Yep, hands up, I confess – I like wearing my face masks, please don’t judge me! I must admit, if I were physically uncomfortable wearing them I suspect I may feel differently – I had the displeasure of wearing a disposable one for the first time on a visit to the dentist recently; suffice to say it had to be removed during my treatment, but the 20 minutes or so I had it on only made me more confused as to why it endures as the most popular choice of face covering, especially given its potential for harm to the environment – but I’ll park that for now, that’s for another blog, another time!
Now, I might not have been brave enough to admit this little revelation to you before today because, honestly, even I accept that this fondness for face masks may appear to many as rather odd, but I’m emboldened by a little article I happened upon about some active research into face mask wearing and social anxiety, so please bear with me and be kind because it seems I’m not alone.
“… [the mask] enables people to feel freer; to express themselves without that fear of being judged or criticized,”
When wearing a face mask, many people feel more able to remove their metaphorical mask. Go figure!
I don’t know if I would class myself as suffering from social anxiety per se ('generalised anxiety disorder' was, I recall, my diagnosis back in the day), but I recognise many of the symptoms and I sure as heck procrastinate like a boss whenever I have to leave the comfort zone of my flat and workspace! And I can most definitely relate to many of the feelings expressed on this subreddit: r/anxiety.

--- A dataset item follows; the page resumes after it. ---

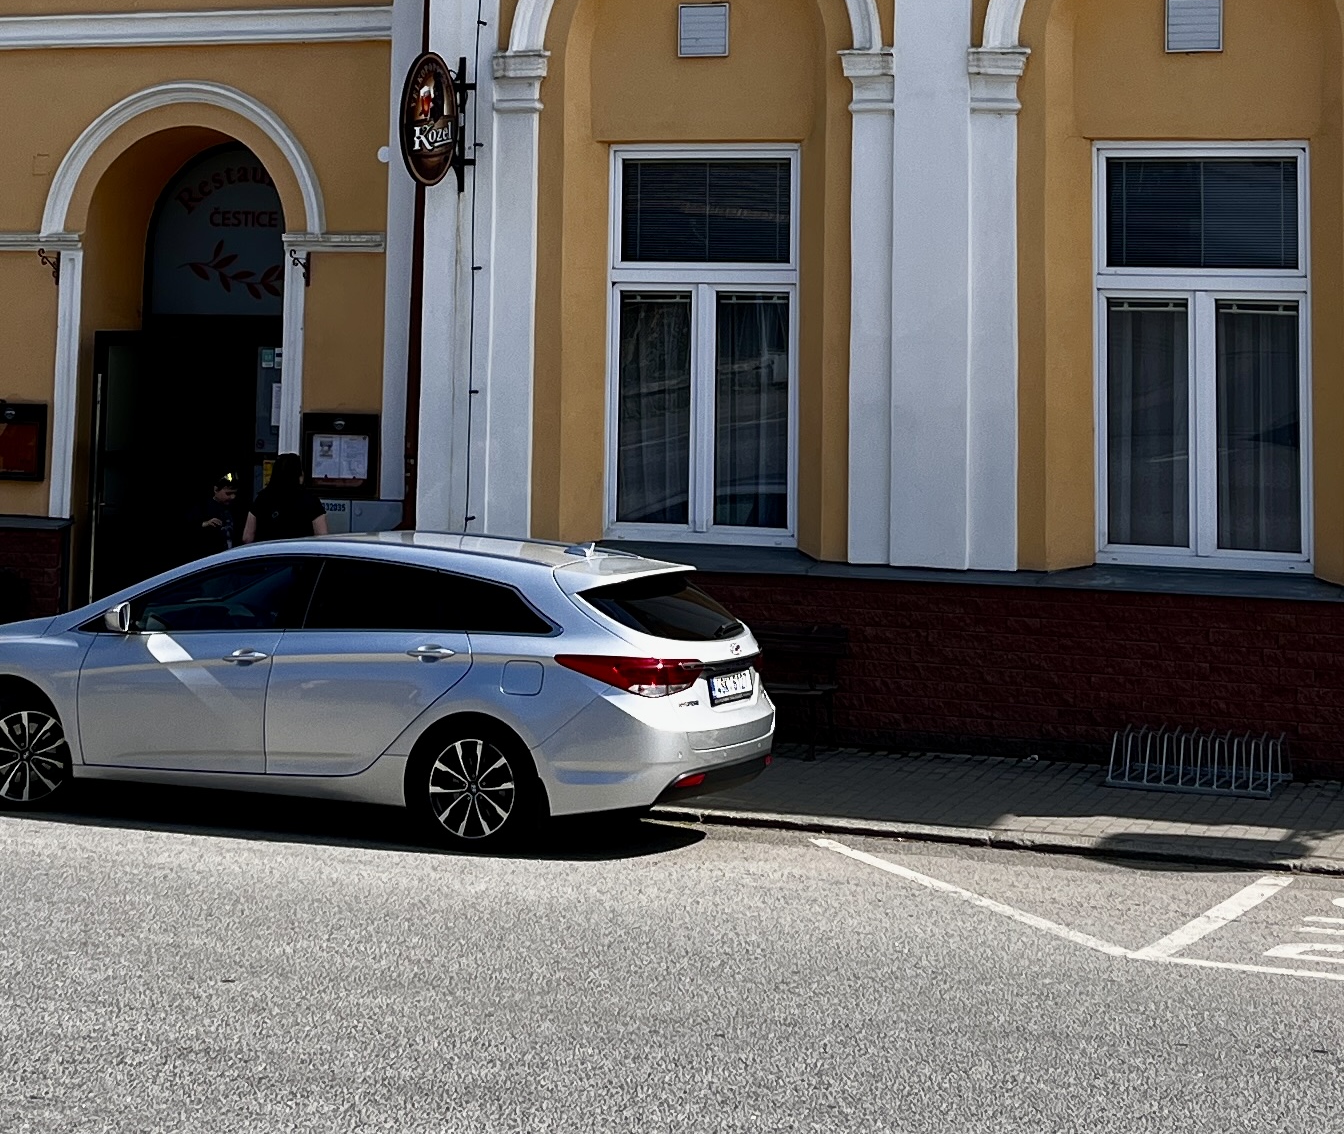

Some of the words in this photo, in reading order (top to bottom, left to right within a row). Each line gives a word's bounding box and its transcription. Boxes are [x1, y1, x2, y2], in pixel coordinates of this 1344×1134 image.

I should say that the researchers do warn about the potential risk of dependency because, of course, wearing a face mask is not a cure for social anxiety but, I wonder, is it really so different from bowing your head, burying your face in your scarf or hiding behind your hair? We all find our own coping mechanisms and, provided we’re showing up, doing the best we can with what we have, and not harming ourselves or others, each to their own I say!
So, key takeaways… wear a fabric face mask not a metaphorical one (or a disposable one), make it a camouflage one for an added bit of irony if you fancy - check out my camo collection and pick your favourite. Be honest and brave, find the courage and the tools to be your authentic self from time to time, don’t judge and be kind… always be kind.